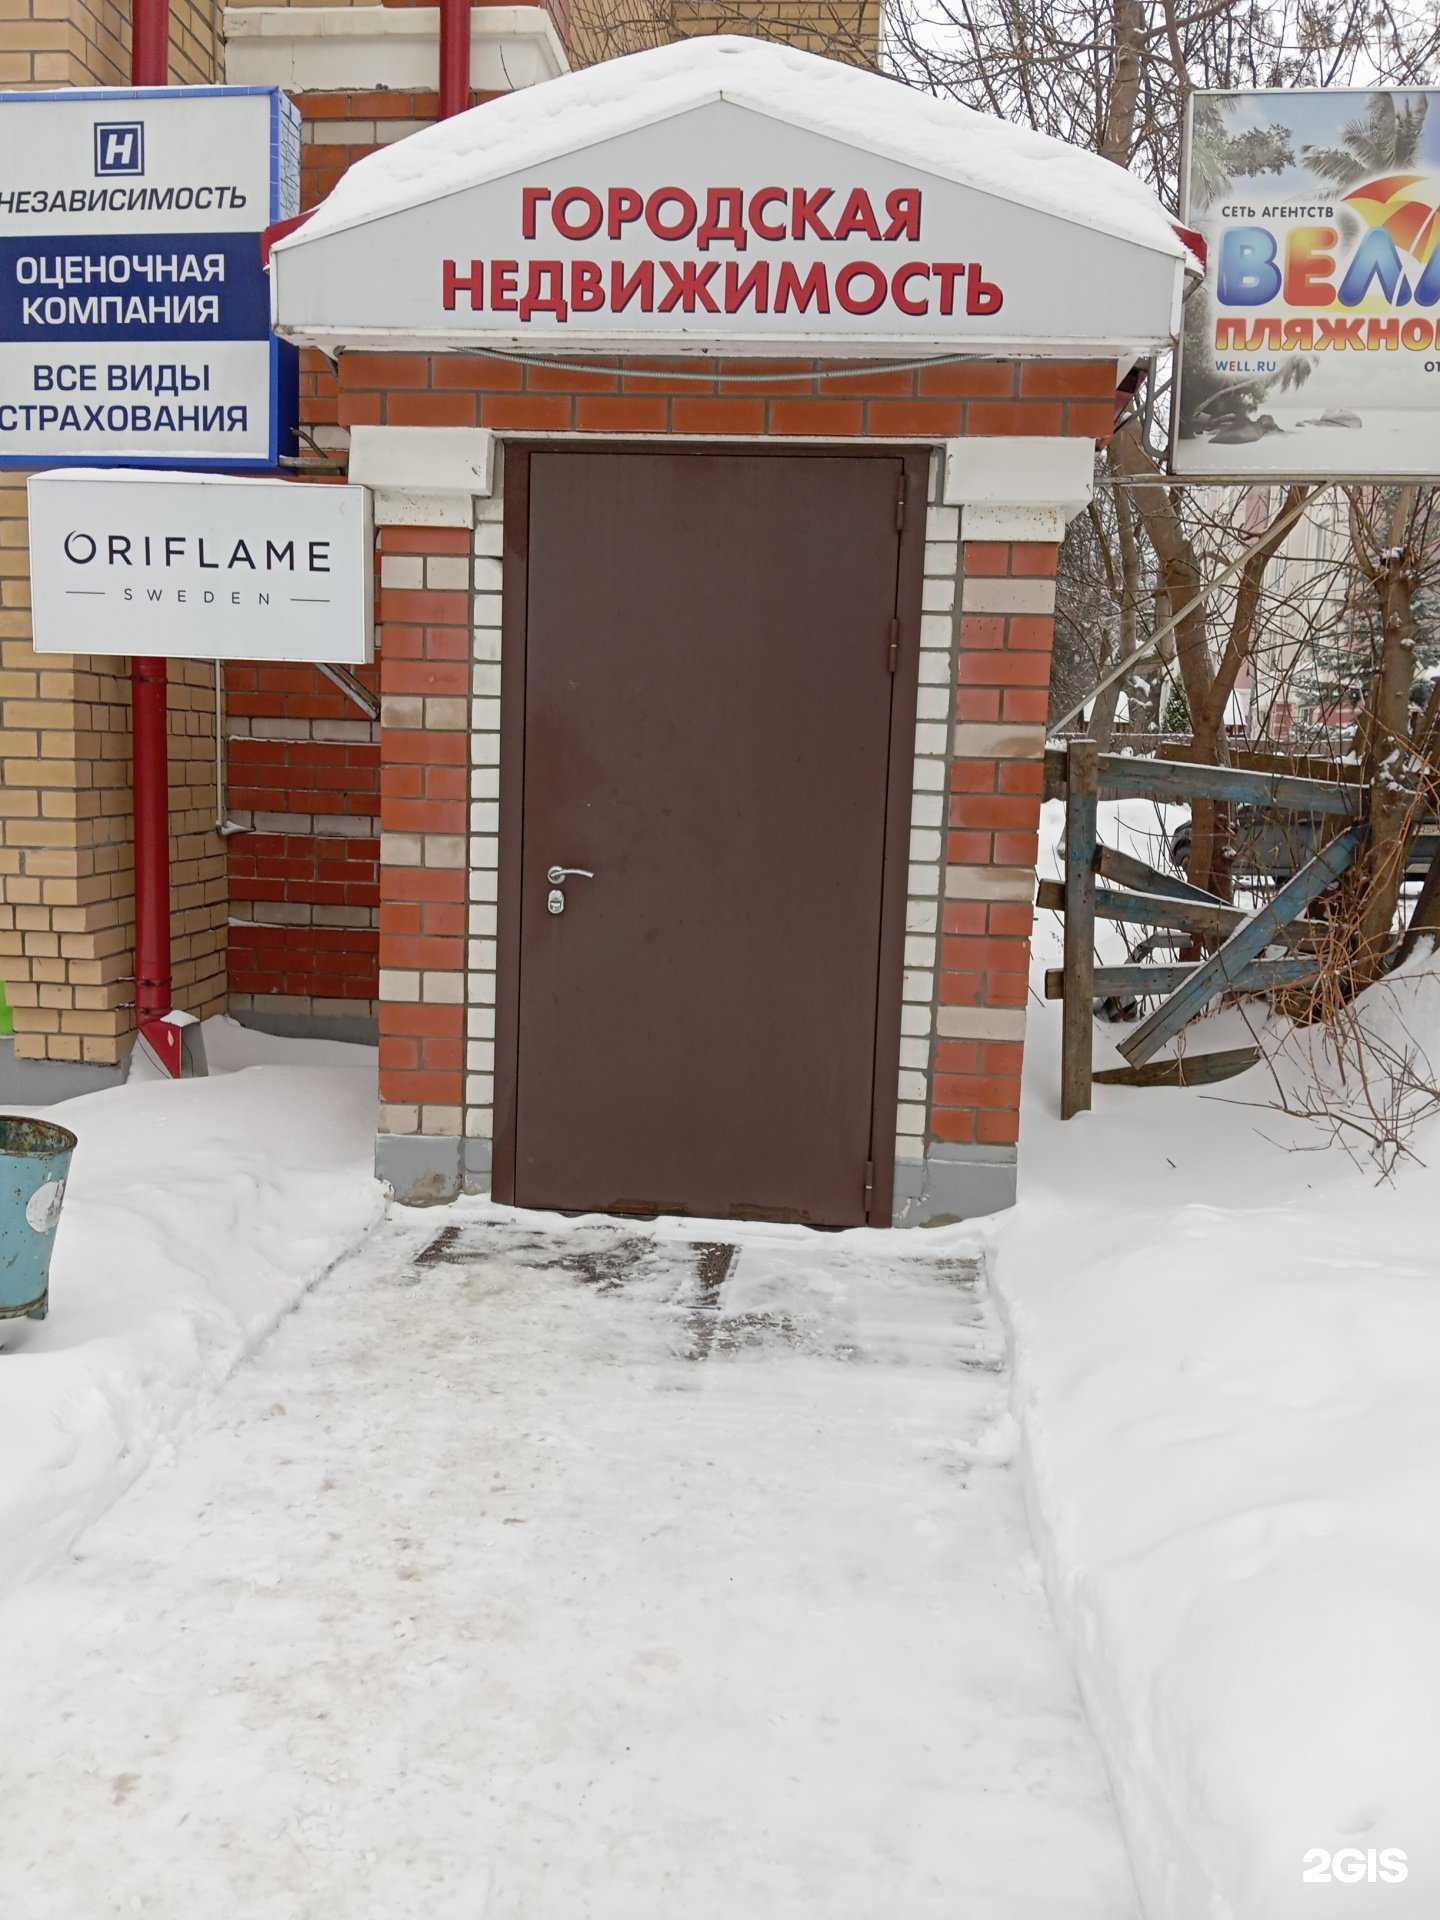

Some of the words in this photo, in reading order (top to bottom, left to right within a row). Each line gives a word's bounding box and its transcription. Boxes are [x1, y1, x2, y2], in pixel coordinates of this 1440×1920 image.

[0, 186, 247, 213] НЕЗАВИСИМОСТЬ
[1222, 204, 1256, 218] СЕТЬ
[1262, 204, 1334, 218] АГЕНТСТВ
[522, 186, 922, 251] ГОРОДСКАЯ
[16, 254, 225, 289] ОЦЕНОЧНАЯ
[442, 259, 1004, 323] НЕДВИЖИМОСТЬ
[22, 295, 220, 325] КОМПАНИЯ
[1215, 317, 1440, 351] ПЛЯЖНО
[33, 365, 97, 391] ВСЕ
[107, 364, 210, 397] ВИДЫ
[1215, 360, 1277, 373] WELL.RU
[0, 404, 247, 432] СТРАХОВАНИЯ
[63, 530, 331, 573] ORIFLAME
[123, 587, 270, 606] SWEDEN
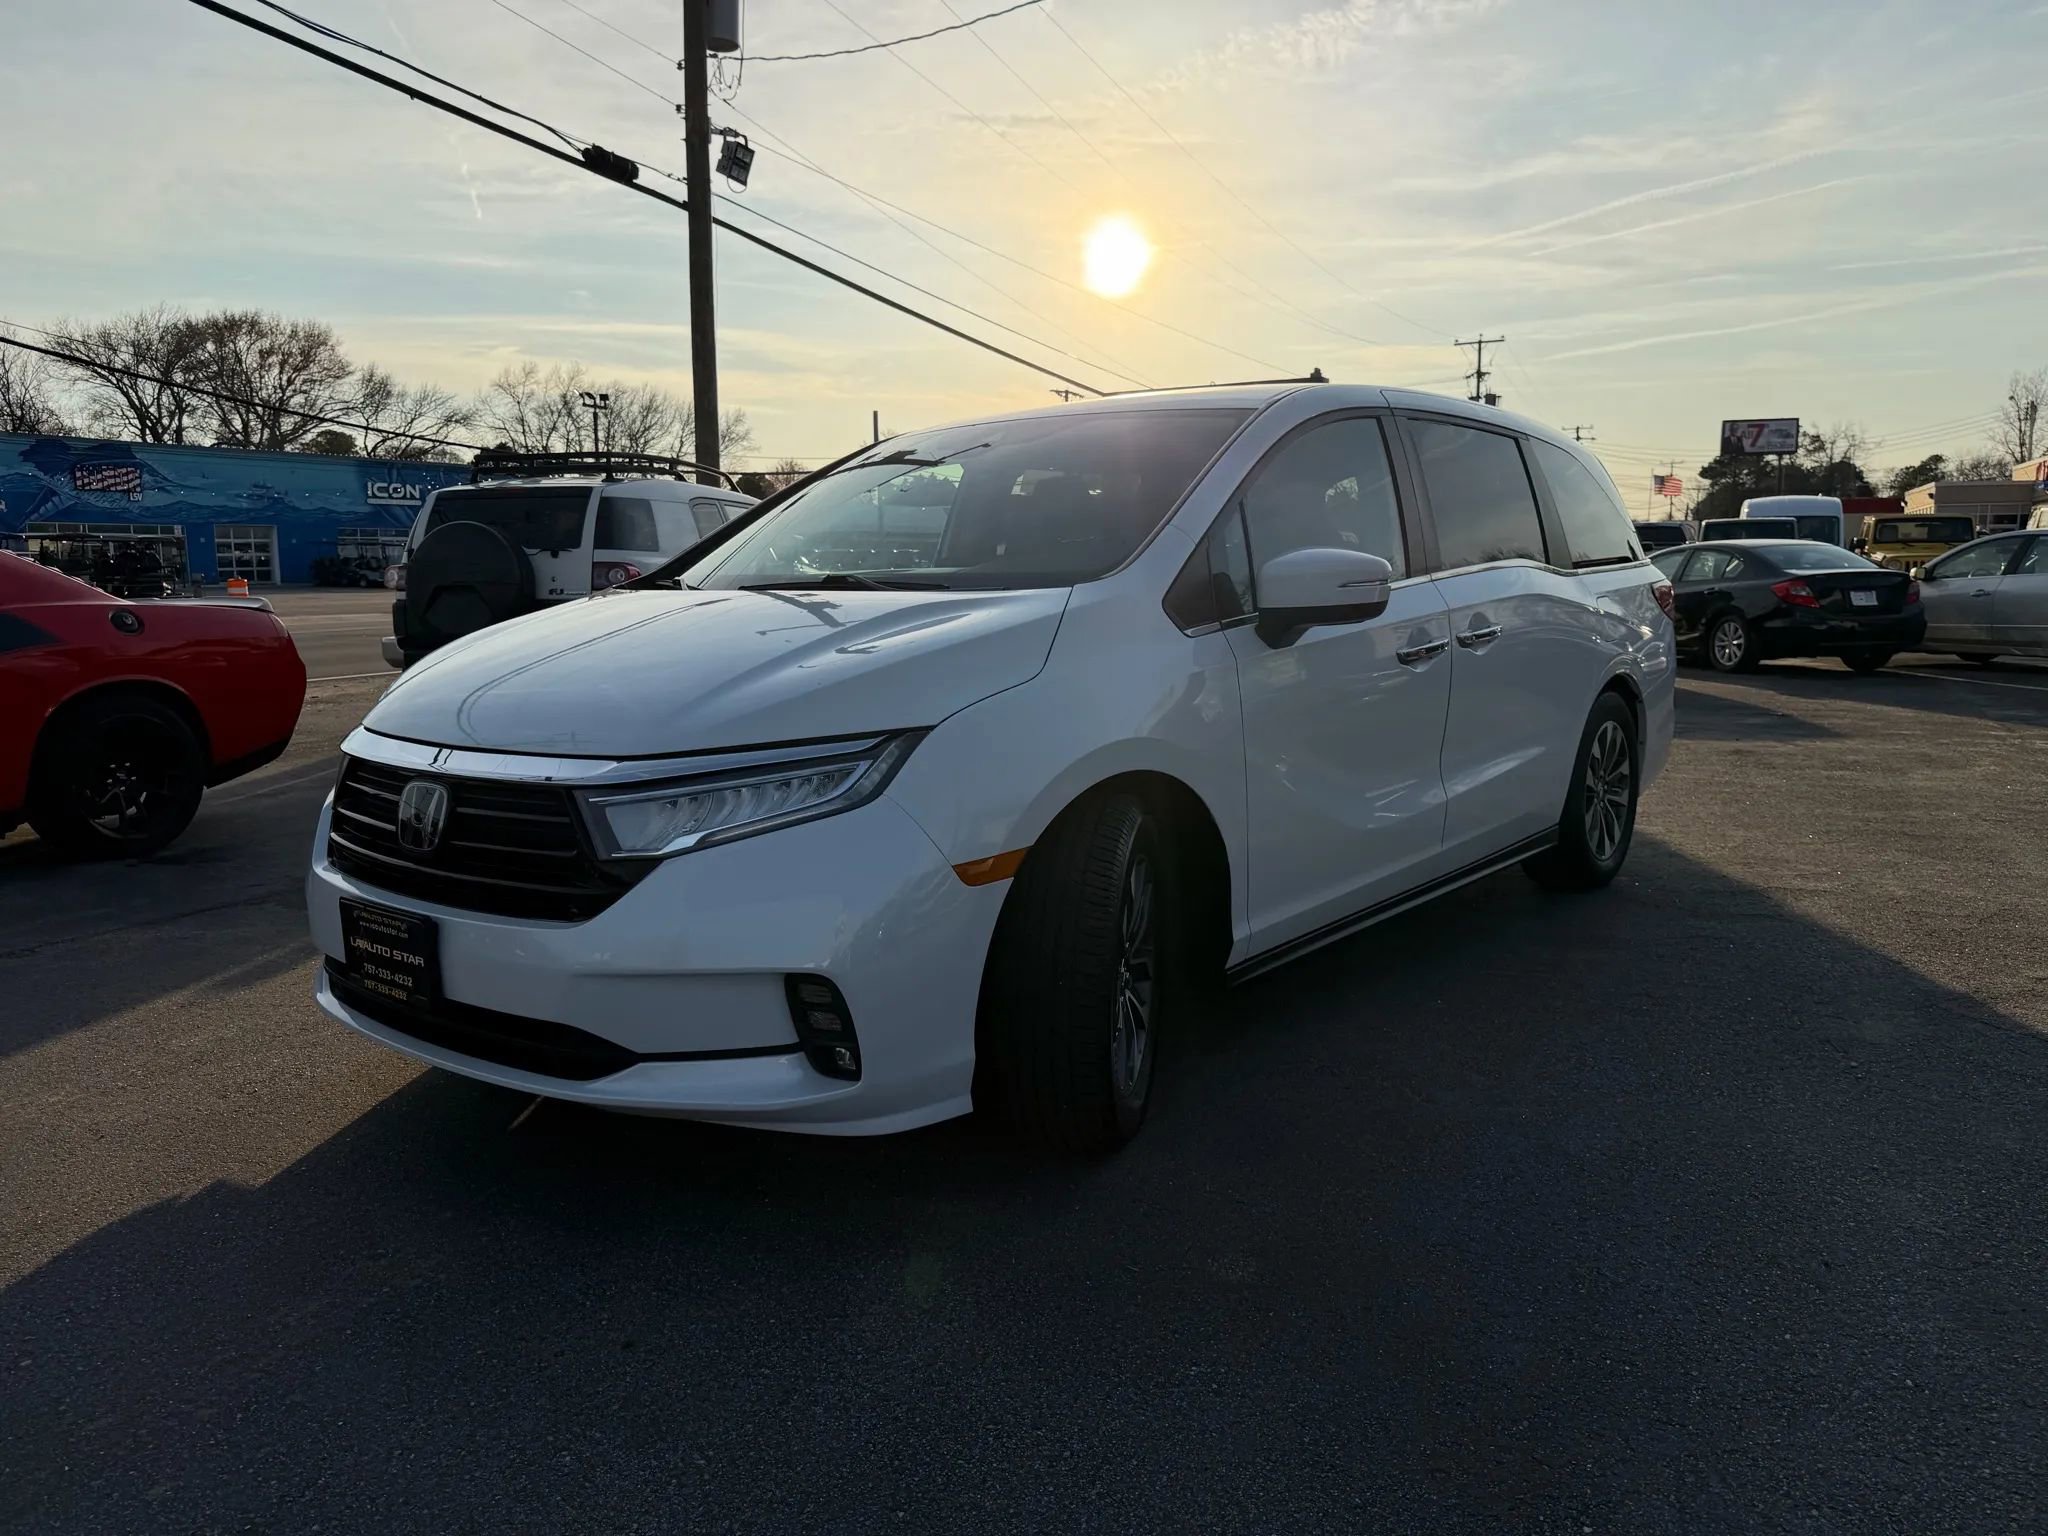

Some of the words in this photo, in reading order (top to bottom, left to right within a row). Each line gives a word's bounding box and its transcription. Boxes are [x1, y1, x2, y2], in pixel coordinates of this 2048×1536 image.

[130, 492, 142, 501] LSV
[367, 481, 420, 498] ICON
[393, 949, 425, 967] STAR
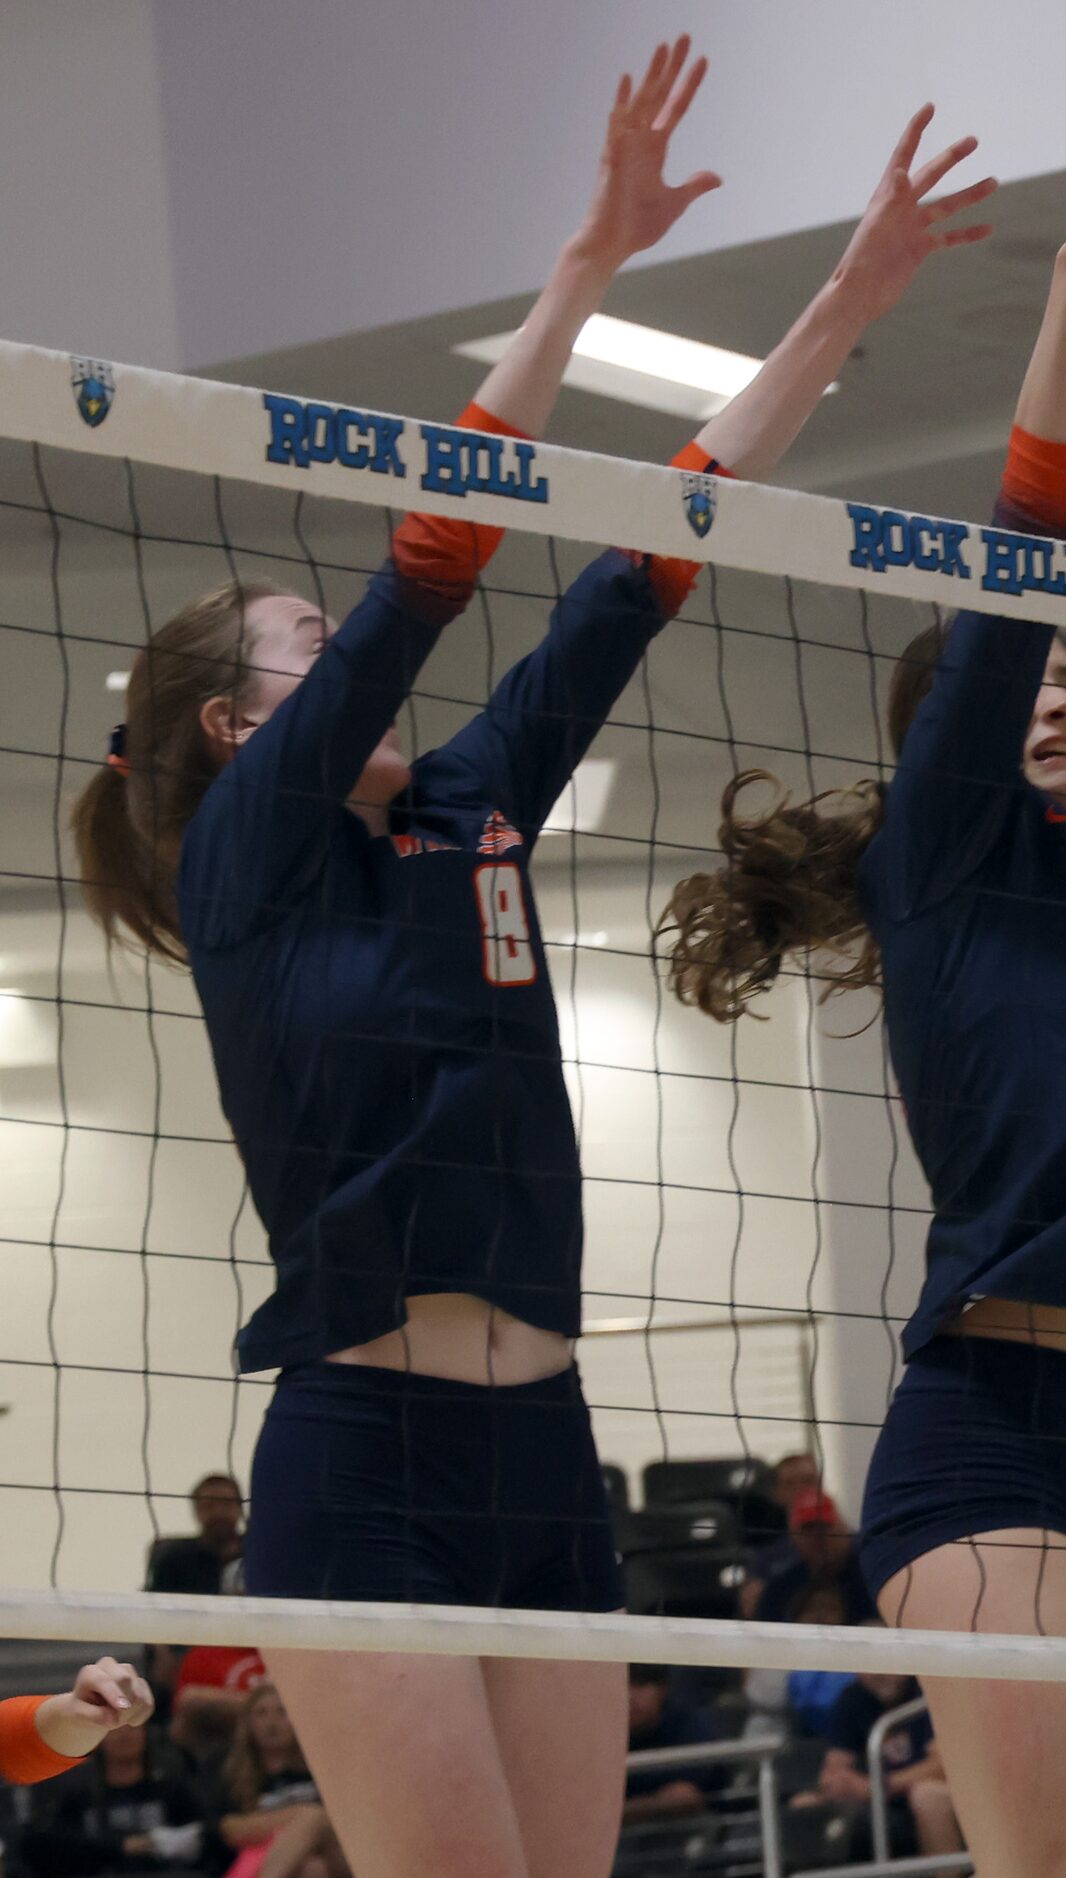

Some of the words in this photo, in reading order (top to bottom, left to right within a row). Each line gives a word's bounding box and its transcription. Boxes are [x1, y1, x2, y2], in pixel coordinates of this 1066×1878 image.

■ **What the task asks**
Return every record above exactly as written, but drop the pictures.

■ **The completed task**
Some of the words in this photo, in reading order (top to bottom, left to right within a row). Each line gives a word's bounding box and its transcription. Boxes are [x1, y1, x2, y2], in pixel coordinates of this 1440×1920 image.

[0, 186, 247, 213] НЕЗАВИСИМОСТЬ
[1222, 204, 1256, 218] СЕТЬ
[1262, 204, 1334, 218] АГЕНТСТВ
[522, 186, 922, 251] ГОРОДСКАЯ
[16, 254, 225, 289] ОЦЕНОЧНАЯ
[442, 259, 1004, 323] НЕДВИЖИМОСТЬ
[22, 295, 220, 325] КОМПАНИЯ
[1215, 317, 1440, 351] ПЛЯЖНО
[33, 365, 97, 391] ВСЕ
[107, 364, 210, 397] ВИДЫ
[1215, 360, 1277, 373] WELL.RU
[0, 404, 247, 432] СТРАХОВАНИЯ
[63, 530, 331, 573] ORIFLAME
[123, 587, 270, 606] SWEDEN

Some of the words in this photo, in reading order (top to bottom, left to right within a row). Each line gives a word's bounding box and its transcription. Boxes are [x1, y1, x2, y2], in pixel coordinates of this 2048×1536 image.

[130, 492, 142, 501] LSV
[367, 481, 420, 498] ICON
[393, 949, 425, 967] STAR

Some of the words in this photo, in reading order (top to bottom, left to right within a row). Each line gives a word's bounding box and its transcription. Boxes are [x1, y1, x2, y2], in pixel coordinates of this 1066×1878 image.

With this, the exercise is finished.